## Data provided
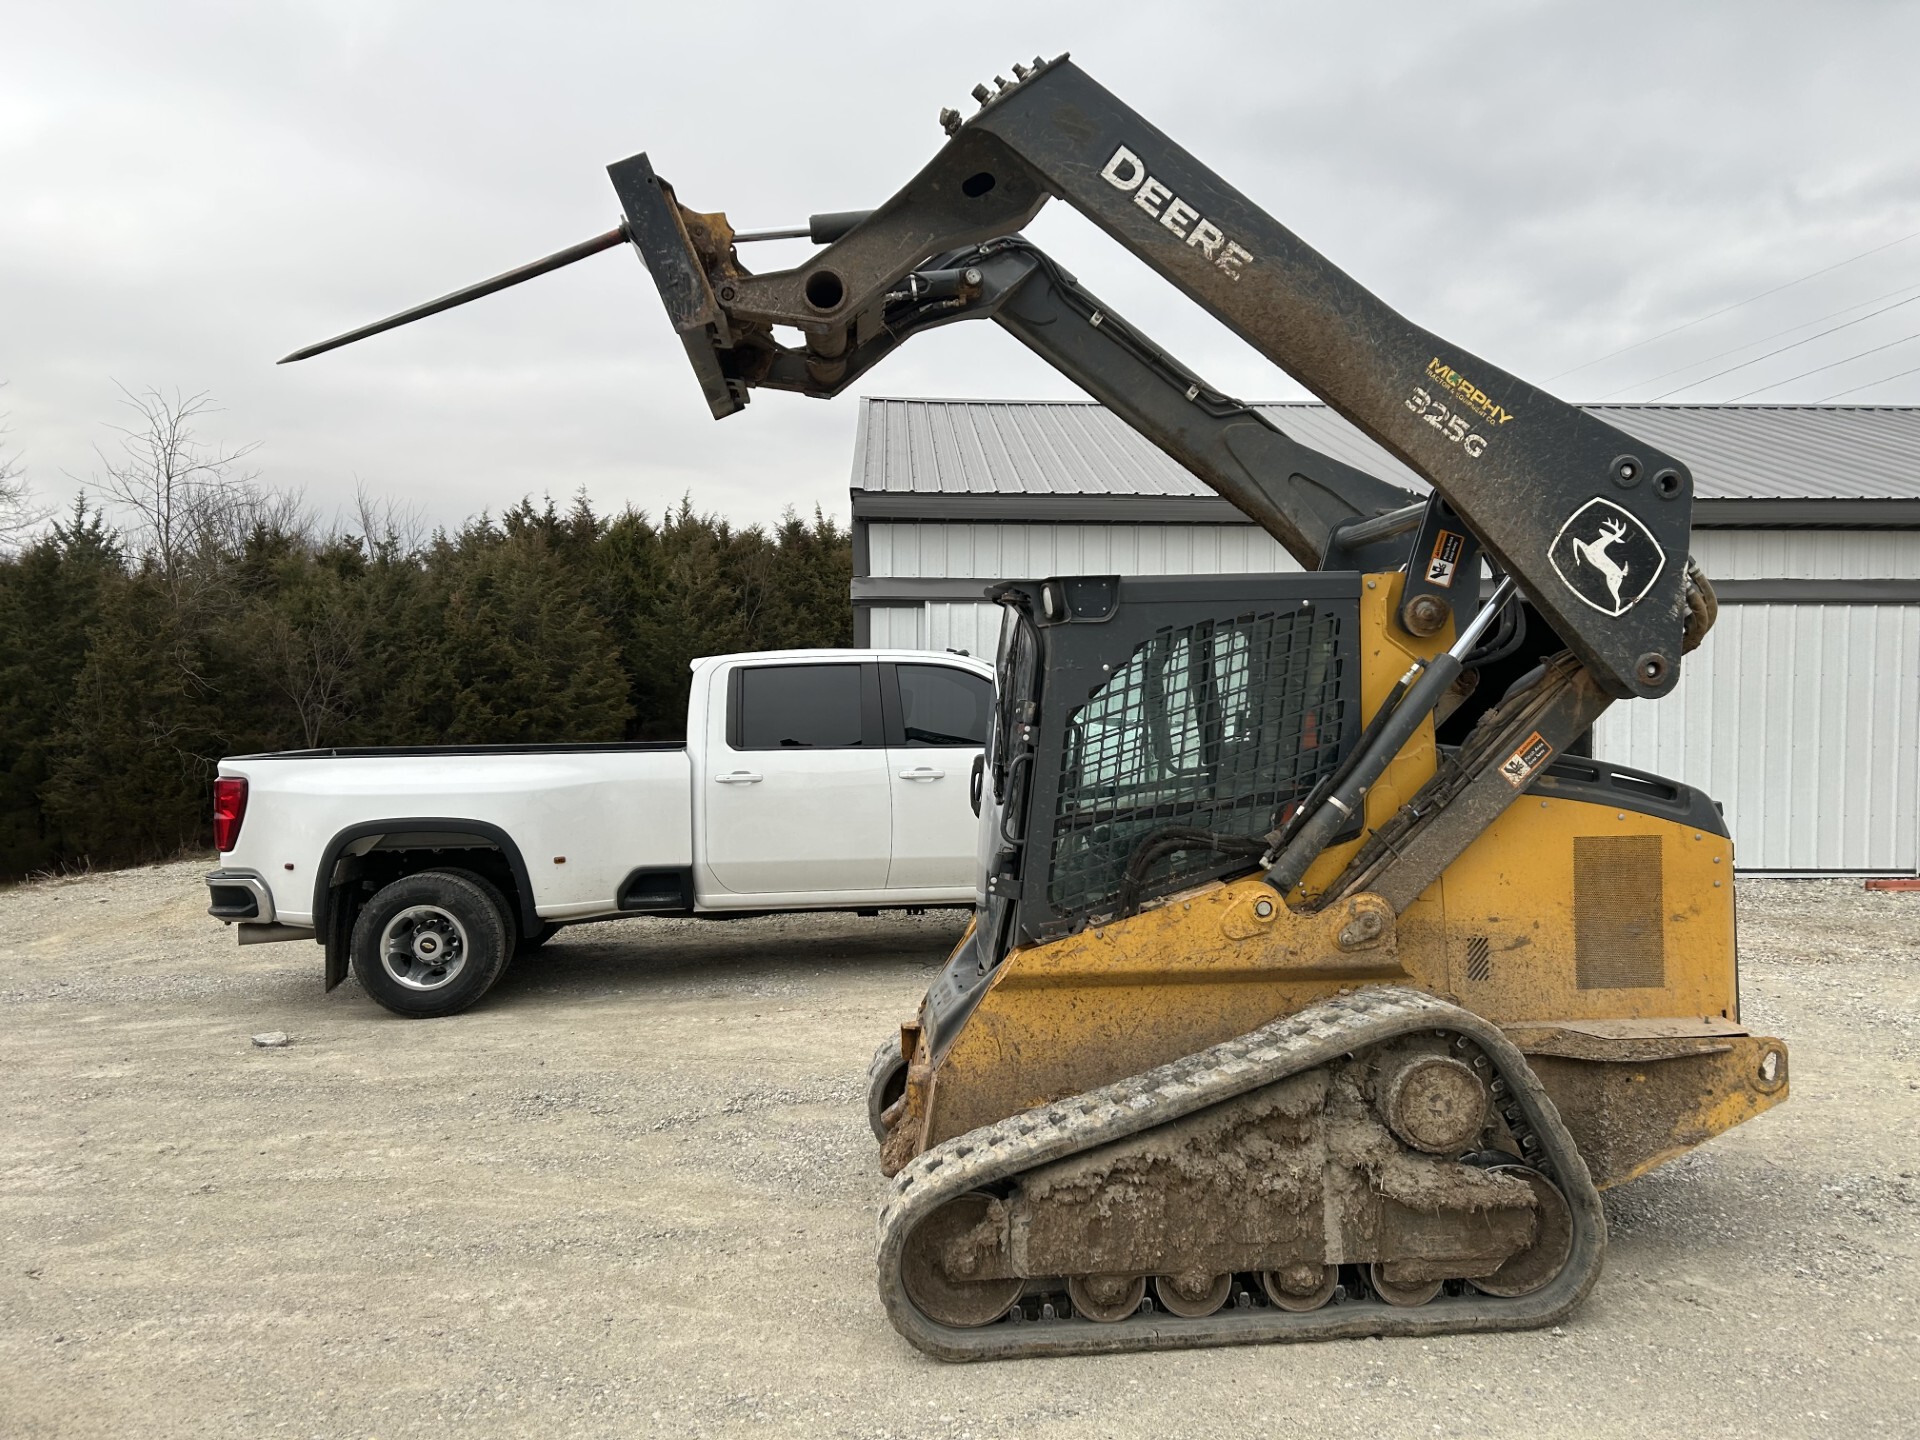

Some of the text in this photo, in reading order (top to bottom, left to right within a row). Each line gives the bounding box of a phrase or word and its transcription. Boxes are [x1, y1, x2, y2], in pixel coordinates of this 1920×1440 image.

[1100, 144, 1254, 281] DEERE
[1405, 386, 1488, 458] 325G
[1425, 368, 1451, 391] TRACTOR
[1456, 392, 1486, 418] EQUIPMENT
[1428, 357, 1514, 424] MURPHY
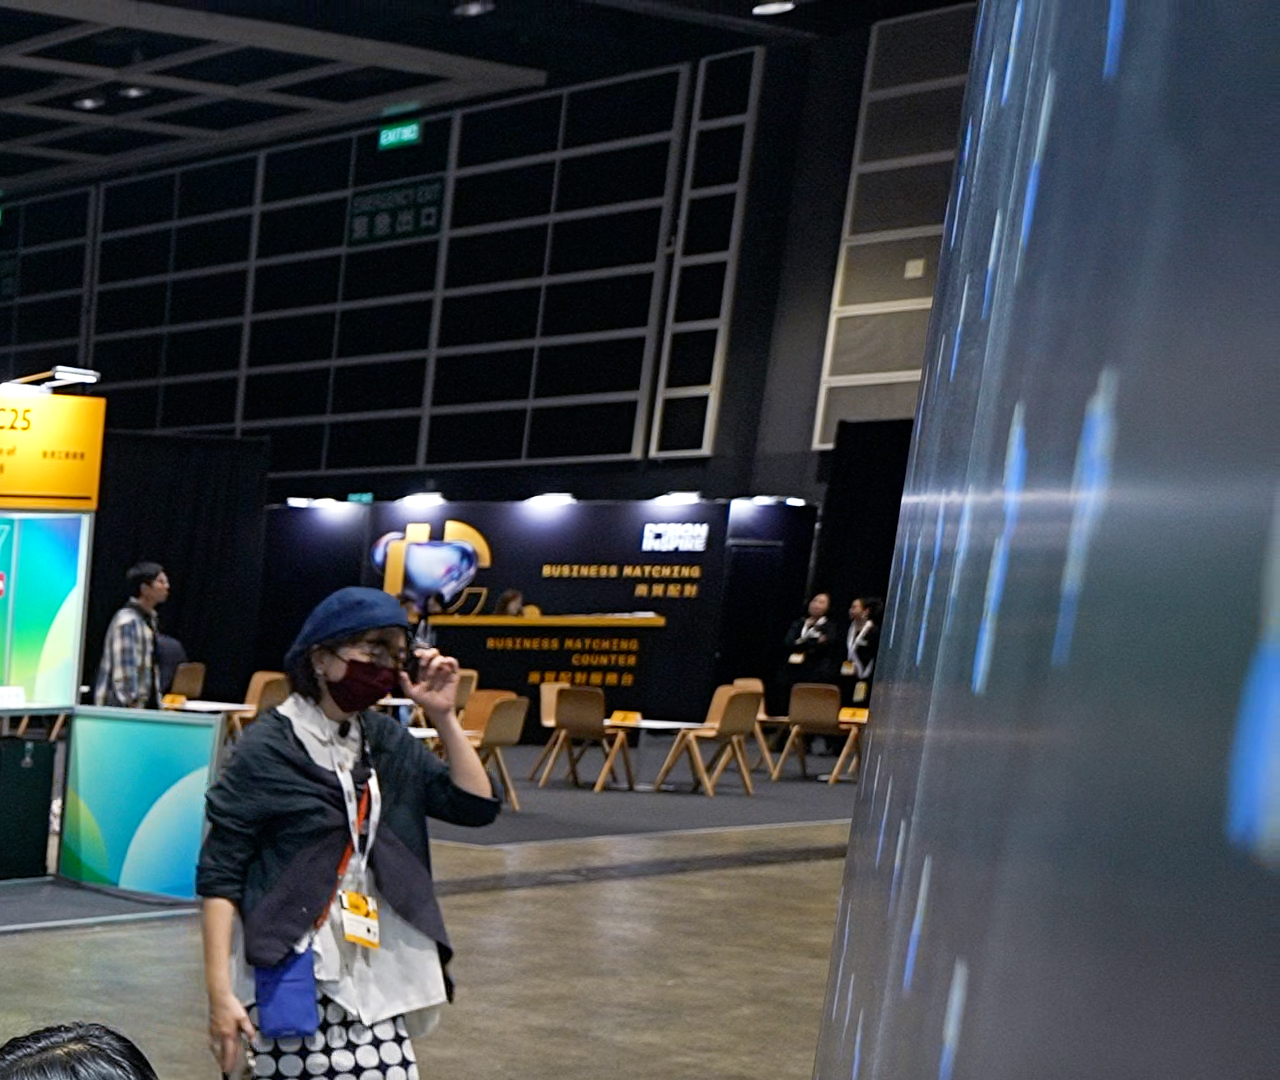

## Exercise requirements
Give every line above again exactly, omitting whatever pictures appear.

## Output
Some of the text in this photo, in reading order (top to bottom, left to right within a row). Each line gives the bounding box of a phrase or word and its transcription. Boxes are [x1, y1, x2, y2], in pixel coordinates of this 1920×1440 image.

[1100, 144, 1254, 281] DEERE
[1405, 386, 1488, 458] 325G
[1425, 368, 1451, 391] TRACTOR
[1456, 392, 1486, 418] EQUIPMENT
[1428, 357, 1514, 424] MURPHY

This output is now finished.